• **Problem details**
Every entry below should be reproduced exactly; no picture is to be included.

*** Information given ***

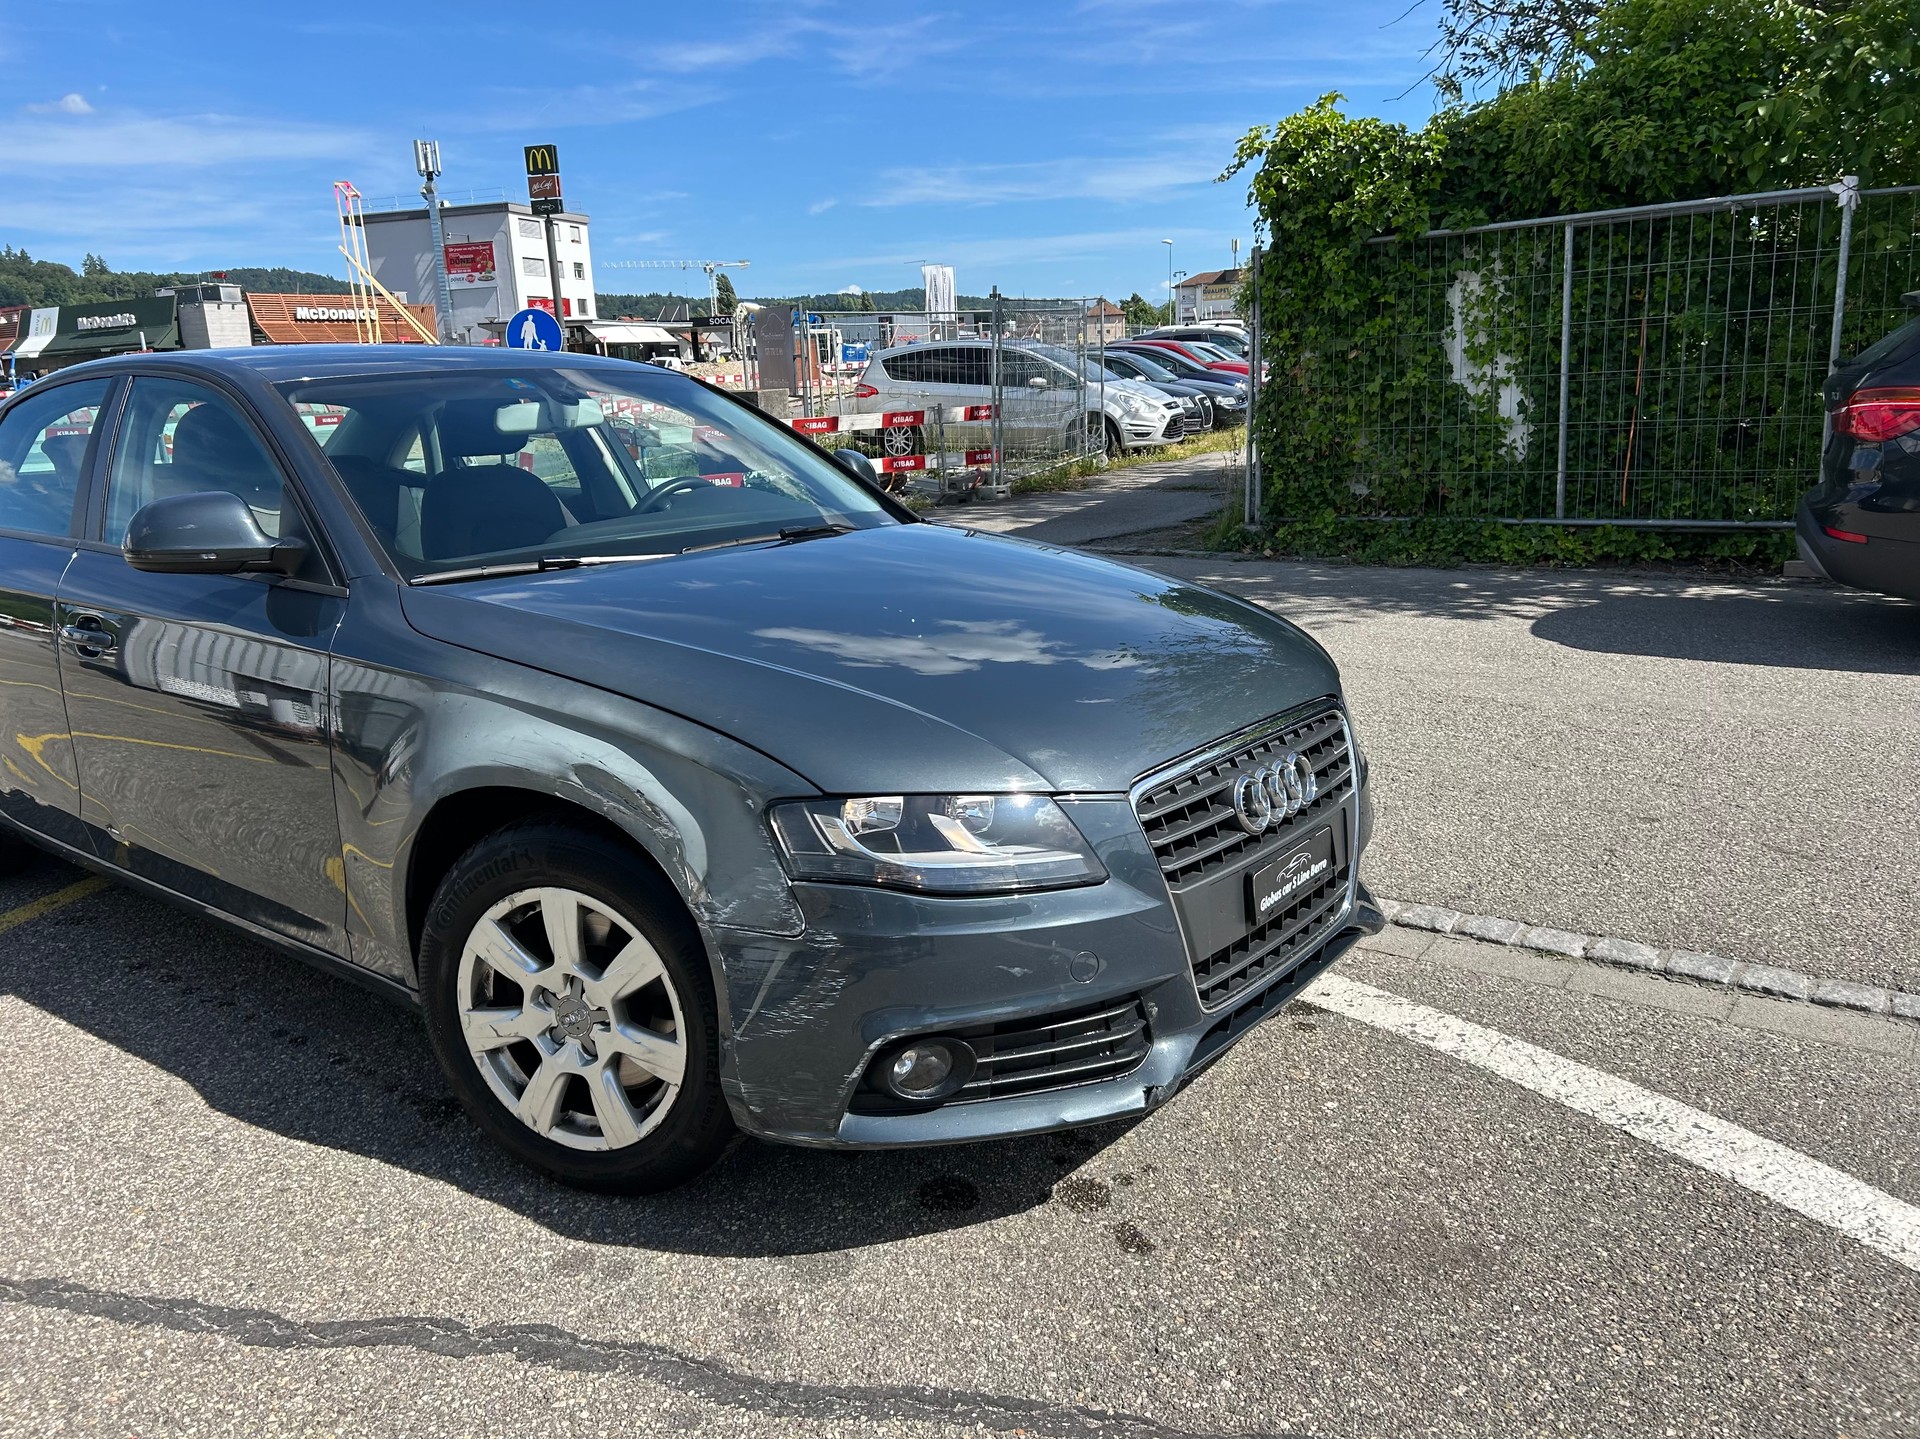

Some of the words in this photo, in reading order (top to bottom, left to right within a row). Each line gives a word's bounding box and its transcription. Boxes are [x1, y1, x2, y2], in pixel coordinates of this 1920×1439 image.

[77, 312, 137, 330] McDonald's
[893, 414, 914, 424] KIBAG
[893, 459, 915, 468] KIBAG
[436, 850, 518, 930] Continental
[1260, 888, 1282, 912] Globus
[1282, 882, 1292, 896] car
[1292, 876, 1297, 889] S
[1297, 869, 1310, 886] Line
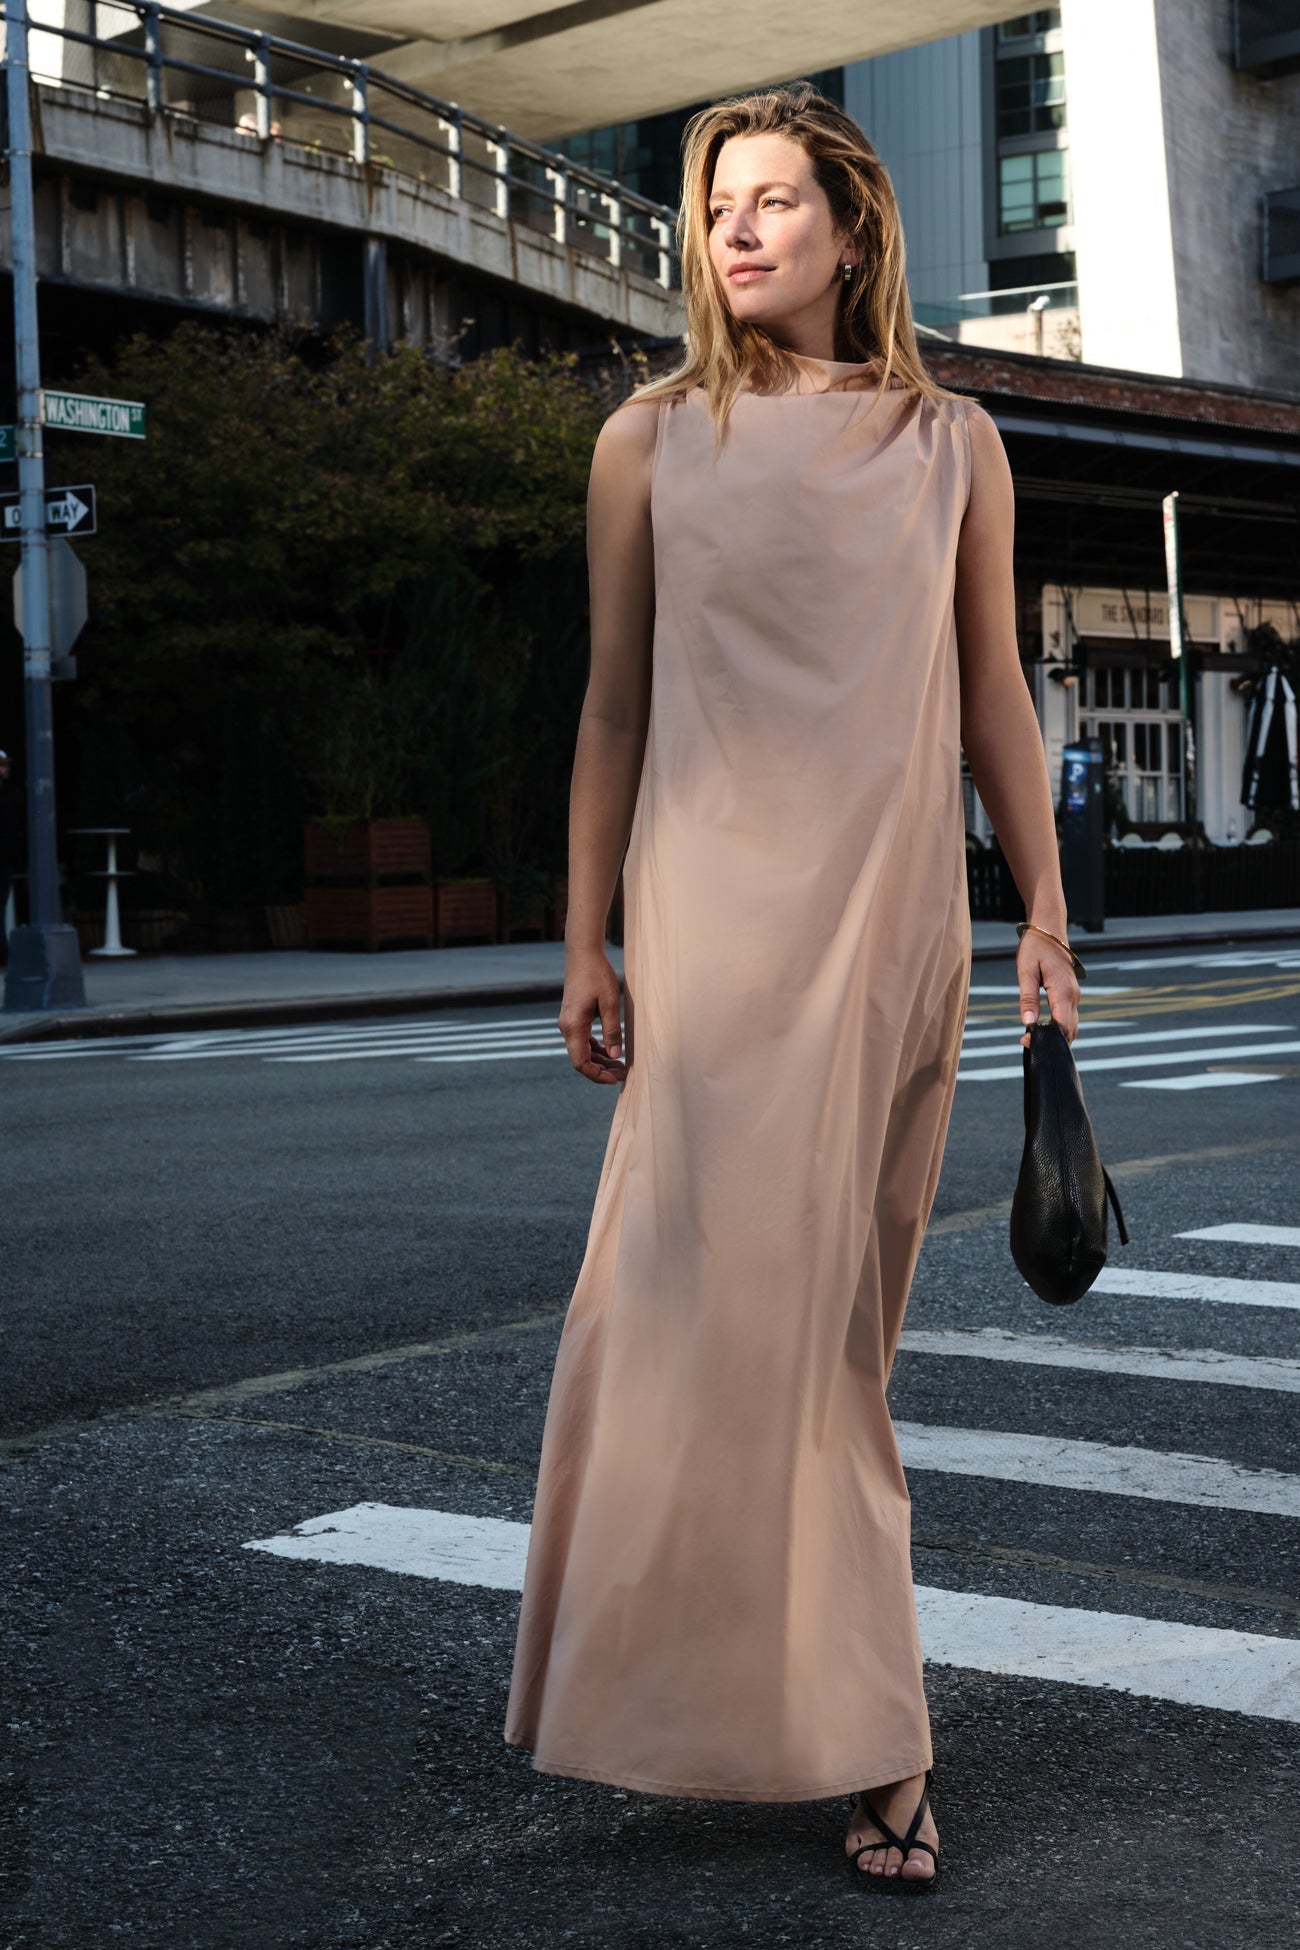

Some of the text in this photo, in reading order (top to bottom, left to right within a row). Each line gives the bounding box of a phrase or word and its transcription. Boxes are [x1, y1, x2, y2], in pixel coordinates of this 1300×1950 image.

*** End of Information given ***

• **Answer to this exercise**
Some of the words in this photo, in reading order (top to bottom, left to right within a row). Each line gives a word's bounding box and its transcription. Boxes are [x1, y1, x2, y2], in pixel coordinates of this 1920×1439 image.

[77, 312, 137, 330] McDonald's
[893, 414, 914, 424] KIBAG
[893, 459, 915, 468] KIBAG
[436, 850, 518, 930] Continental
[1260, 888, 1282, 912] Globus
[1282, 882, 1292, 896] car
[1292, 876, 1297, 889] S
[1297, 869, 1310, 886] Line

Some of the text in this photo, in reading order (top to bottom, left to right within a row). Each line gives the bounding box of a phrase or word and its transcription. Boxes are [x1, y1, x2, y2], in pixel coordinates of this 1300×1950 image.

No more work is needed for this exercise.